Solidarité. “Il faut imposer les riches” 
“La crise sociale est la résultante de l’aggravation des disparités et de la paupérisation d’une grande partie des couches moyennes. Nous proposons un impôt de solidarité. Ce n’est pas symbolique. Ceux qui se situent à un niveau de patrimoine qui leur permet de garantir et de contribuer à la stabilité sociale et politique de notre pays doivent mettre la main à la poche. Jusque-là, les mesures qui ont été décidées relèvent du bricolage plutôt que d’autre chose : réduire le taux de l’Impôt sur le revenu, baisser l’Impôt sur les sociétés… Dans la conjoncture actuelle, l’impôt de solidarité constitue un point de rupture. C’est pareil pour la Caisse de compensation. Au sein du parti, on a recadré la question. Il faut rompre avec l’approche actuelle, car le problème est mal posé. On fait peser tous les problèmes de la compensation sur un seul instrument. Alors que la Caisse doit être au service d’une politique sociale. Et on ne peut pas apprécier l’apport de la Caisse de compensation de manière déconnectée de notre politique sociale. Cette dernière doit être réévaluée et poser le problème des mécanismes d’intervention. La Caisse de compensation sera appelée à jouer un rôle beaucoup plus ciblé”.

Comme si vous y étiez
Pile à l’heure, Habib El Malki arrive seul au siège de la Bourse de Casablanca. Le rendez-vous dans la capitale économique, bastion traditionnel du parti des Forces populaires, n’a pas drainé beaucoup de monde.

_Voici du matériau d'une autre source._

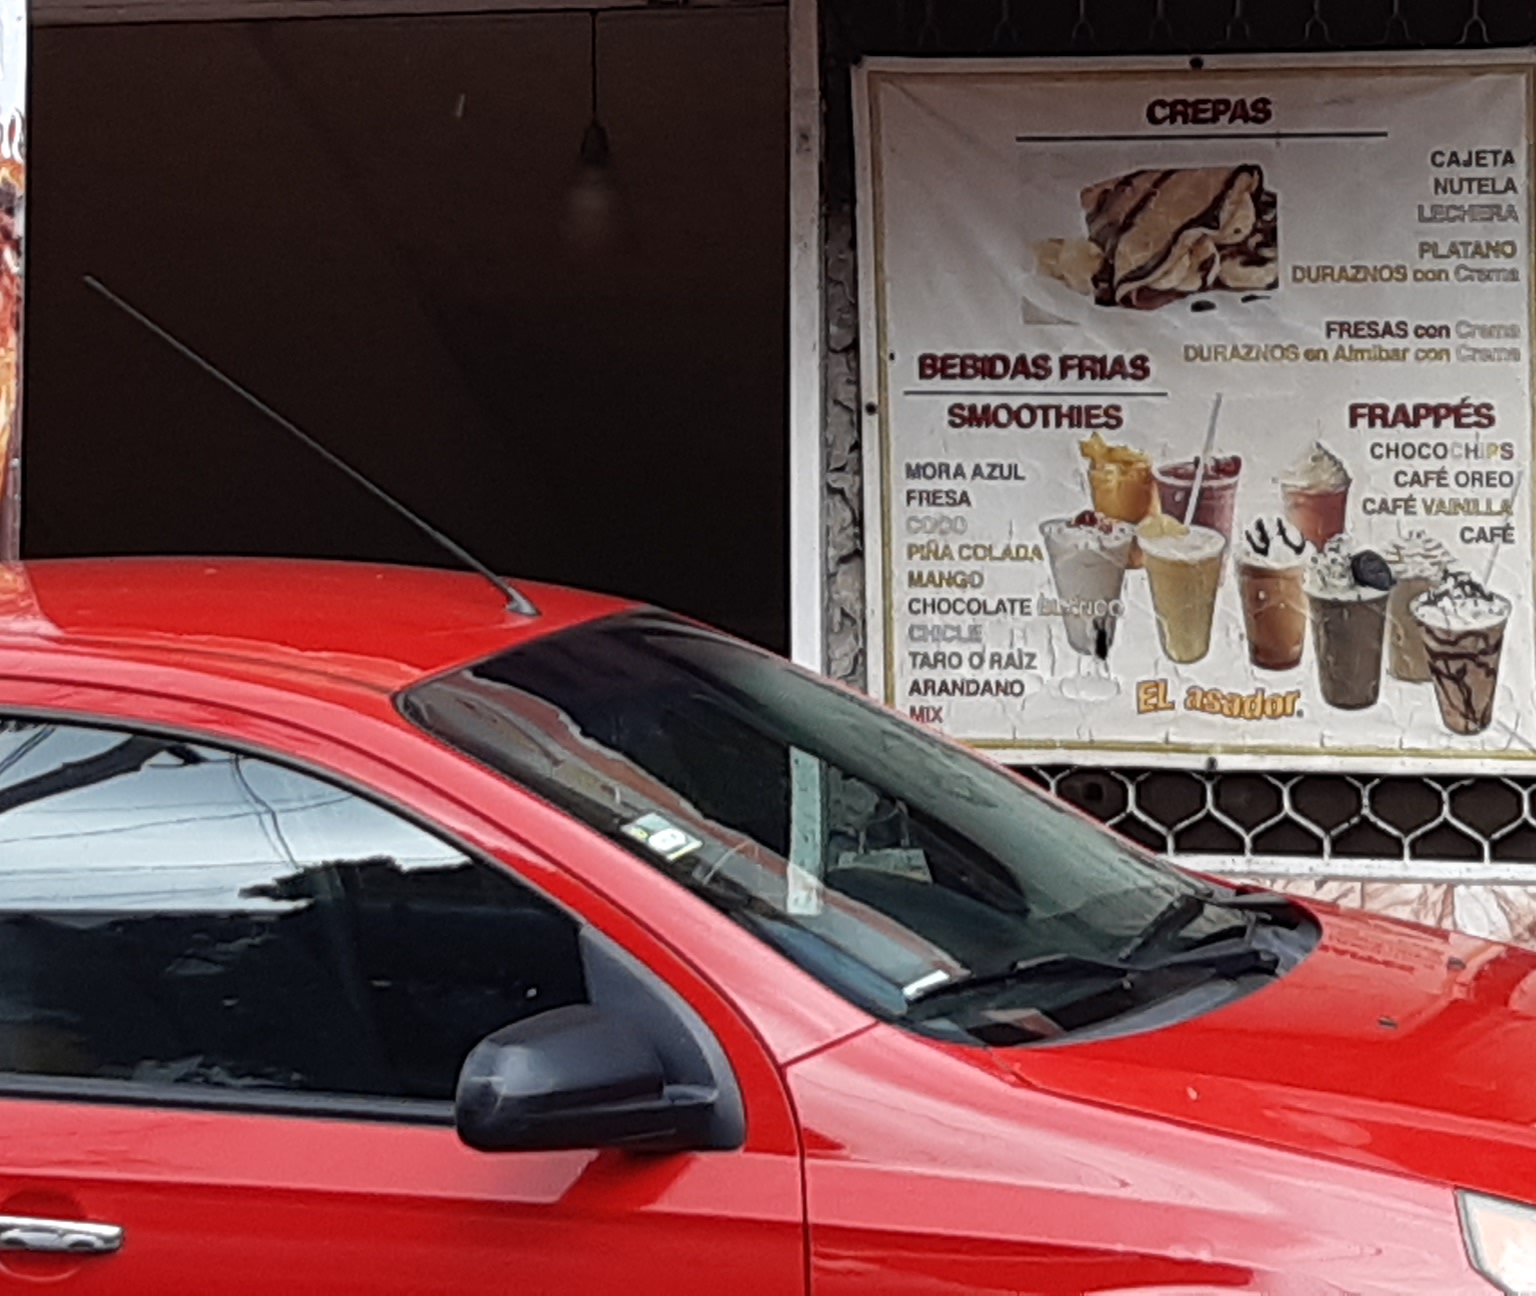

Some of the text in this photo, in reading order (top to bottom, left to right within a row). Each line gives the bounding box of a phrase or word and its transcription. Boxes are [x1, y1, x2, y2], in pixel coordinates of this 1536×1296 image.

Signe du recul du parti ? “Pas forcément. L’important c’est la qualité de la présence et non la quantité”, répond-il. Calme, souriant et pesant très bien ses mots, ce vieux loup de la politique a répondu à toutes les questions à cœur ouvert, mais sans faire de vagues. El Malki a tenu à ménager presque tout le monde. Du coup, pas de déclarations fracassantes. Au sujet du programme économique du parti, le patron du Centre marocain de conjoncture a su tout de même marquer quelques points. Insistant sur l’industrialisation comme choix économique, El Malki promet un taux de croissance de 7% et pas moins de 130 000 emplois par an d’ici 2020. Des promesses qui n’ont pas emballé la salle. La séance des questions/réponses vire au procès. Le ton est légèrement accusateur, voire agressif. Mais El Malki garde son sang-froid. “Je les comprends, ils sont tous ittihadis dans le cœur”, lâche-t-il.